***** Data under study

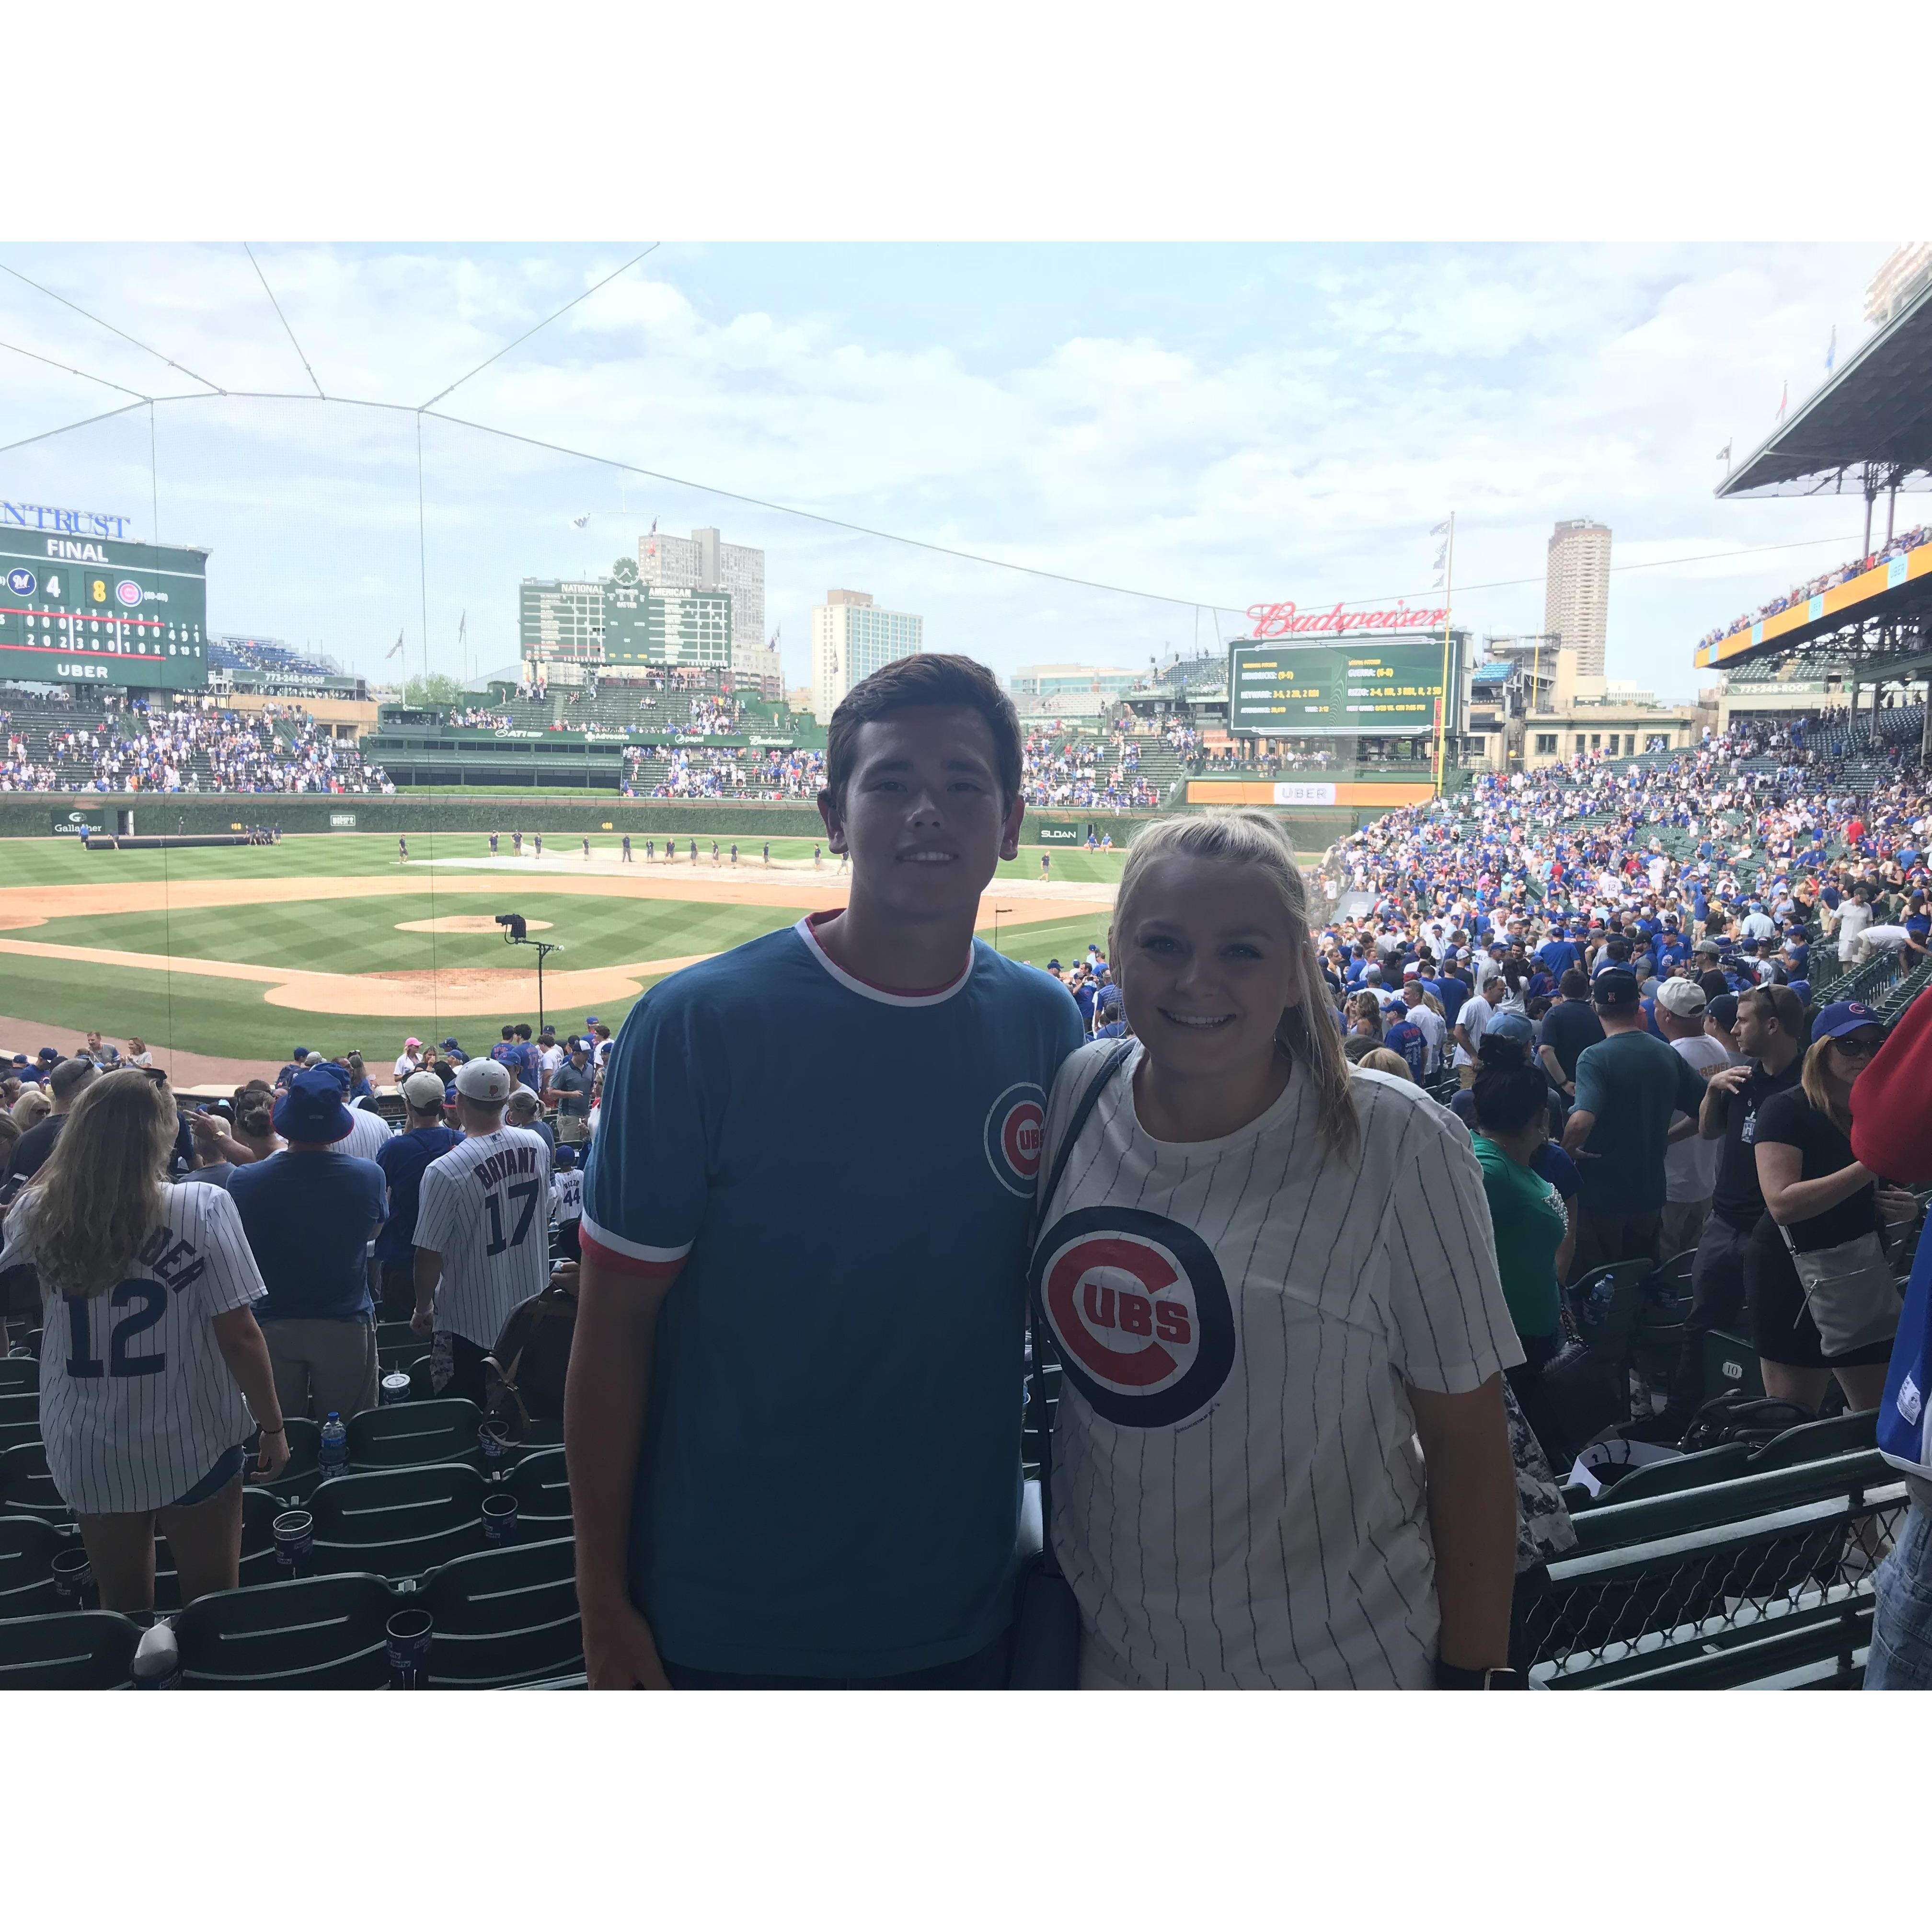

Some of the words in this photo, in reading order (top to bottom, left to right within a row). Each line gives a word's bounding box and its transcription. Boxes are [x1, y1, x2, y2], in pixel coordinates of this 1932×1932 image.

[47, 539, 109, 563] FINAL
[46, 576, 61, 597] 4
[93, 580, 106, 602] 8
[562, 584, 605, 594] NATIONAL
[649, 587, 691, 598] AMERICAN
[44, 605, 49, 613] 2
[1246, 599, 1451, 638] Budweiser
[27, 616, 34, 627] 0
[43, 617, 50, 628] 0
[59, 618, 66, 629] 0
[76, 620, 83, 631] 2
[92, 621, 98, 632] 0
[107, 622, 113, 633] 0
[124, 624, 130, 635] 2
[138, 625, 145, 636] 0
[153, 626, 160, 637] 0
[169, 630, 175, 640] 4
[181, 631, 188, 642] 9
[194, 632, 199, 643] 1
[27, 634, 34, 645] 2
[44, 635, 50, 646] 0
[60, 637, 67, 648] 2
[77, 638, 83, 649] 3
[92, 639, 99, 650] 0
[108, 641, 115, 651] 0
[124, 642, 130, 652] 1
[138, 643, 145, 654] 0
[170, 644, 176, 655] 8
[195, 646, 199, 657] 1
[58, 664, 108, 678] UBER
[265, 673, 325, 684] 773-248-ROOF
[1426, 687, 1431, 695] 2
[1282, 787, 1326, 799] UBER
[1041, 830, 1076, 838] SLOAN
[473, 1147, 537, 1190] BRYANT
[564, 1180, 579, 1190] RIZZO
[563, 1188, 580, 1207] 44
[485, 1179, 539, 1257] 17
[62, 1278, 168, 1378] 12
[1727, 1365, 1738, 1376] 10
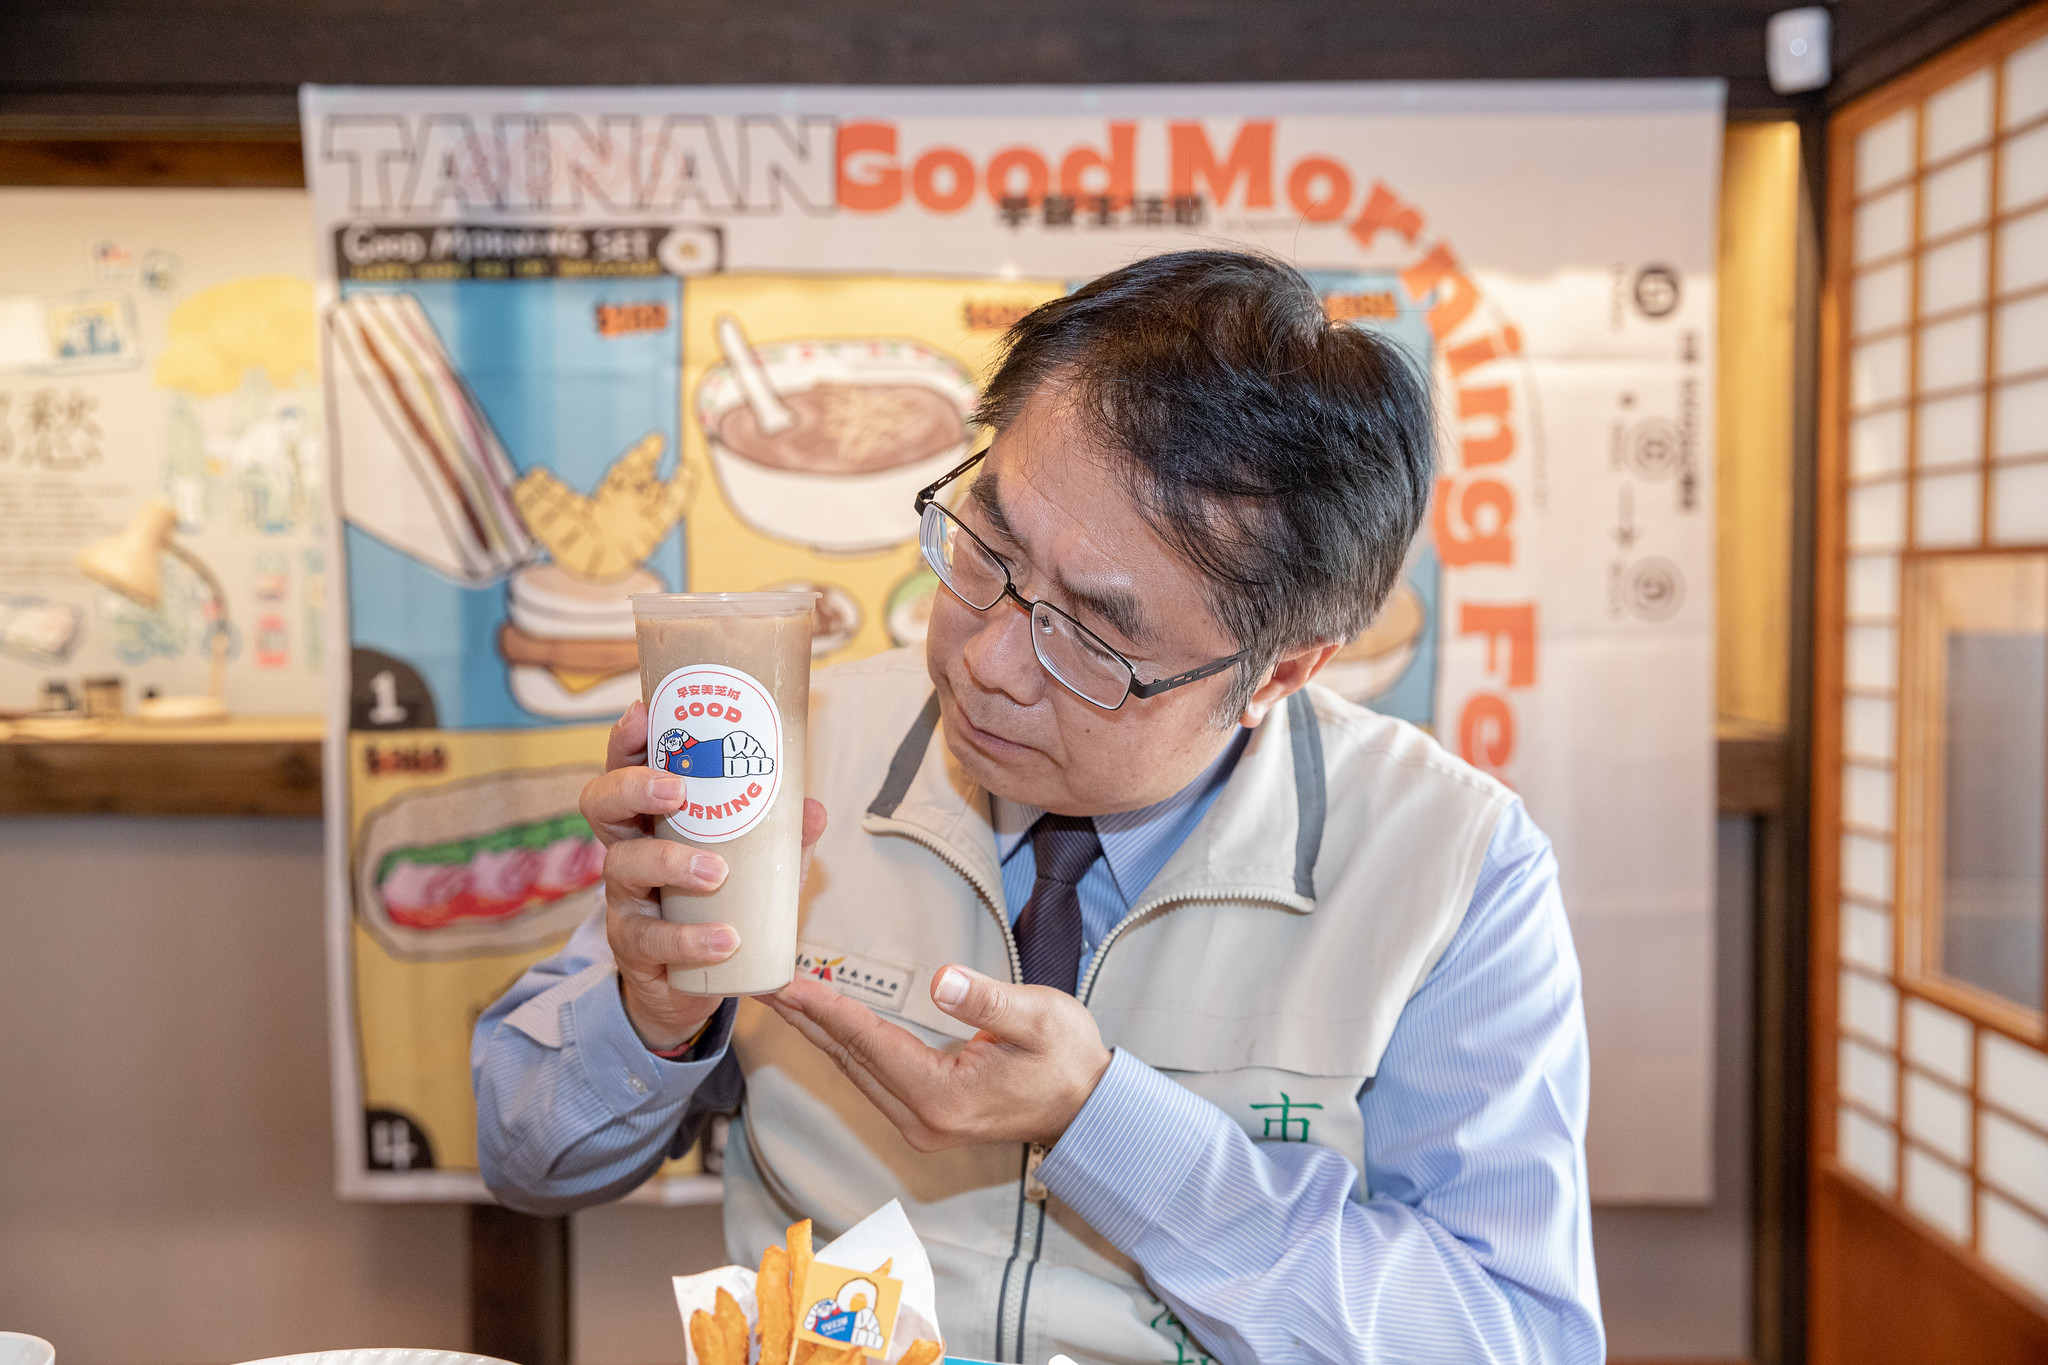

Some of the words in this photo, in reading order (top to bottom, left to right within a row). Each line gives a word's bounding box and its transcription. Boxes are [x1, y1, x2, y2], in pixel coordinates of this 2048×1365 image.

**********

# Exercise directions:
Pictures are to be left out; everything else in the entries is reproduced verbatim.

# Completed task:
Some of the words in this photo, in reading order (top to bottom, left to right within a row). Each line gives a word's bounding box and its transcription. Boxes are [x1, y1, x2, y2], in pixel coordinates of this 1932×1932 image.

[47, 539, 109, 563] FINAL
[46, 576, 61, 597] 4
[93, 580, 106, 602] 8
[562, 584, 605, 594] NATIONAL
[649, 587, 691, 598] AMERICAN
[44, 605, 49, 613] 2
[1246, 599, 1451, 638] Budweiser
[27, 616, 34, 627] 0
[43, 617, 50, 628] 0
[59, 618, 66, 629] 0
[76, 620, 83, 631] 2
[92, 621, 98, 632] 0
[107, 622, 113, 633] 0
[124, 624, 130, 635] 2
[138, 625, 145, 636] 0
[153, 626, 160, 637] 0
[169, 630, 175, 640] 4
[181, 631, 188, 642] 9
[194, 632, 199, 643] 1
[27, 634, 34, 645] 2
[44, 635, 50, 646] 0
[60, 637, 67, 648] 2
[77, 638, 83, 649] 3
[92, 639, 99, 650] 0
[108, 641, 115, 651] 0
[124, 642, 130, 652] 1
[138, 643, 145, 654] 0
[170, 644, 176, 655] 8
[195, 646, 199, 657] 1
[58, 664, 108, 678] UBER
[265, 673, 325, 684] 773-248-ROOF
[1426, 687, 1431, 695] 2
[1282, 787, 1326, 799] UBER
[1041, 830, 1076, 838] SLOAN
[473, 1147, 537, 1190] BRYANT
[564, 1180, 579, 1190] RIZZO
[563, 1188, 580, 1207] 44
[485, 1179, 539, 1257] 17
[62, 1278, 168, 1378] 12
[1727, 1365, 1738, 1376] 10

Some of the words in this photo, in reading order (top to bottom, left to right within a row). Each line gives a word's bounding box and its transcription. Boxes are [x1, y1, x2, y2], in pixel coordinates of this 2048×1365 image.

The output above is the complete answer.